■ **Work instructions**
Could you restate the data word for word?

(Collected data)
== Segment start ==
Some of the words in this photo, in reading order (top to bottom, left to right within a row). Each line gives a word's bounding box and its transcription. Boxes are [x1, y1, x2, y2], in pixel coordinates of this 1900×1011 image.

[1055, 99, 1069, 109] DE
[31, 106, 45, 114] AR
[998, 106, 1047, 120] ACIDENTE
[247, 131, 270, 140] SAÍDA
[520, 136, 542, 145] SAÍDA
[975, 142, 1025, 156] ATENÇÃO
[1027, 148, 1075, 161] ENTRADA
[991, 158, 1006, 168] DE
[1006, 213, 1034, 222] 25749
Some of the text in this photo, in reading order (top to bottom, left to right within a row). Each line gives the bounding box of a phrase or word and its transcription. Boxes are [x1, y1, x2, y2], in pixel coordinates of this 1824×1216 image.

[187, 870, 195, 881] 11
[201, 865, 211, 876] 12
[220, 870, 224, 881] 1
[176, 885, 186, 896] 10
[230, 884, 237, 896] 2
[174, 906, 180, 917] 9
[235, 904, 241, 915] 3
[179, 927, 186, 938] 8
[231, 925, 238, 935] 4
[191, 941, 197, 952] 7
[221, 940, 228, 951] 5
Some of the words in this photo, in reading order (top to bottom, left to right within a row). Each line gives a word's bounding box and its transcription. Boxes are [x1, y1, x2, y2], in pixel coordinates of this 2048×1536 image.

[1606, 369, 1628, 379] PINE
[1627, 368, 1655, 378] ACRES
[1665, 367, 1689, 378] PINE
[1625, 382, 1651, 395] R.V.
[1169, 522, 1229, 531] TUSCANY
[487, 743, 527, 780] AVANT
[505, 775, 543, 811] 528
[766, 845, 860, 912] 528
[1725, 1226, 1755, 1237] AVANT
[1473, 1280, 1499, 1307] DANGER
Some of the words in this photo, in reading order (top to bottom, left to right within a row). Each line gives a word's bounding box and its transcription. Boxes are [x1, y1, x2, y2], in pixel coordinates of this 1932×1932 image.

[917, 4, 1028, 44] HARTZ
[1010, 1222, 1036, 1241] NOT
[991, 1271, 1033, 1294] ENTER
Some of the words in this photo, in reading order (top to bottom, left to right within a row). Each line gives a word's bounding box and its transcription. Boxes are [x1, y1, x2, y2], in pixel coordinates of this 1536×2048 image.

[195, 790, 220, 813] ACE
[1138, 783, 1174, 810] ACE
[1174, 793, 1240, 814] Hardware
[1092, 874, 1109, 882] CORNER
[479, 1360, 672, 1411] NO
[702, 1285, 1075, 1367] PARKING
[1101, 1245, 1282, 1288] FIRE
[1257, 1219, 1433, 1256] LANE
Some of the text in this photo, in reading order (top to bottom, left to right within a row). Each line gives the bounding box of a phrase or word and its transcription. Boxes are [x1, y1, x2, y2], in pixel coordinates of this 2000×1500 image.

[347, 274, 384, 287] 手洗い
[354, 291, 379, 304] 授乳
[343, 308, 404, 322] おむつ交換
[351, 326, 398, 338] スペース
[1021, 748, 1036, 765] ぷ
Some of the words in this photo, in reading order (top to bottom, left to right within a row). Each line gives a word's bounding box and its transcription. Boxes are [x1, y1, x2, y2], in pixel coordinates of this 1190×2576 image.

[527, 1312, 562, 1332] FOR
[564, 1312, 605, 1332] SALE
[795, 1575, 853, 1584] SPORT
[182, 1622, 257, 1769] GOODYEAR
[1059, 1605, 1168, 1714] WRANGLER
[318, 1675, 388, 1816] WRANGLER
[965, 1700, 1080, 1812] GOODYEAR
== Segment end ==
■ **Exercise response**
Some of the words in this photo, in reading order (top to bottom, left to right within a row). Each line gives a word's bounding box and its transcription. Boxes are [x1, y1, x2, y2], in pixel coordinates of this 1900×1011 image.

[1055, 99, 1069, 109] DE
[31, 106, 45, 114] AR
[998, 106, 1047, 120] ACIDENTE
[247, 131, 270, 140] SAÍDA
[520, 136, 542, 145] SAÍDA
[975, 142, 1025, 156] ATENÇÃO
[1027, 148, 1075, 161] ENTRADA
[991, 158, 1006, 168] DE
[1006, 213, 1034, 222] 25749
Some of the text in this photo, in reading order (top to bottom, left to right within a row). Each line gives the bounding box of a phrase or word and its transcription. Boxes are [x1, y1, x2, y2], in pixel coordinates of this 1824×1216 image.

[187, 870, 195, 881] 11
[201, 865, 211, 876] 12
[220, 870, 224, 881] 1
[176, 885, 186, 896] 10
[230, 884, 237, 896] 2
[174, 906, 180, 917] 9
[235, 904, 241, 915] 3
[179, 927, 186, 938] 8
[231, 925, 238, 935] 4
[191, 941, 197, 952] 7
[221, 940, 228, 951] 5
Some of the words in this photo, in reading order (top to bottom, left to right within a row). Each line gives a word's bounding box and its transcription. Boxes are [x1, y1, x2, y2], in pixel coordinates of this 2048×1536 image.

[1606, 369, 1628, 379] PINE
[1627, 368, 1655, 378] ACRES
[1665, 367, 1689, 378] PINE
[1625, 382, 1651, 395] R.V.
[1169, 522, 1229, 531] TUSCANY
[487, 743, 527, 780] AVANT
[505, 775, 543, 811] 528
[766, 845, 860, 912] 528
[1725, 1226, 1755, 1237] AVANT
[1473, 1280, 1499, 1307] DANGER
Some of the words in this photo, in reading order (top to bottom, left to right within a row). Each line gives a word's bounding box and its transcription. Boxes are [x1, y1, x2, y2], in pixel coordinates of this 1932×1932 image.

[917, 4, 1028, 44] HARTZ
[1010, 1222, 1036, 1241] NOT
[991, 1271, 1033, 1294] ENTER
Some of the words in this photo, in reading order (top to bottom, left to right within a row). Each line gives a word's bounding box and its transcription. Boxes are [x1, y1, x2, y2], in pixel coordinates of this 1536×2048 image.

[195, 790, 220, 813] ACE
[1138, 783, 1174, 810] ACE
[1174, 793, 1240, 814] Hardware
[1092, 874, 1109, 882] CORNER
[479, 1360, 672, 1411] NO
[702, 1285, 1075, 1367] PARKING
[1101, 1245, 1282, 1288] FIRE
[1257, 1219, 1433, 1256] LANE
Some of the text in this photo, in reading order (top to bottom, left to right within a row). Each line gives the bounding box of a phrase or word and its transcription. Boxes are [x1, y1, x2, y2], in pixel coordinates of this 2000×1500 image.

[347, 274, 384, 287] 手洗い
[354, 291, 379, 304] 授乳
[343, 308, 404, 322] おむつ交換
[351, 326, 398, 338] スペース
[1021, 748, 1036, 765] ぷ
Some of the words in this photo, in reading order (top to bottom, left to right within a row). Each line gives a word's bounding box and its transcription. Boxes are [x1, y1, x2, y2], in pixel coordinates of this 1190×2576 image.

[527, 1312, 562, 1332] FOR
[564, 1312, 605, 1332] SALE
[795, 1575, 853, 1584] SPORT
[182, 1622, 257, 1769] GOODYEAR
[1059, 1605, 1168, 1714] WRANGLER
[318, 1675, 388, 1816] WRANGLER
[965, 1700, 1080, 1812] GOODYEAR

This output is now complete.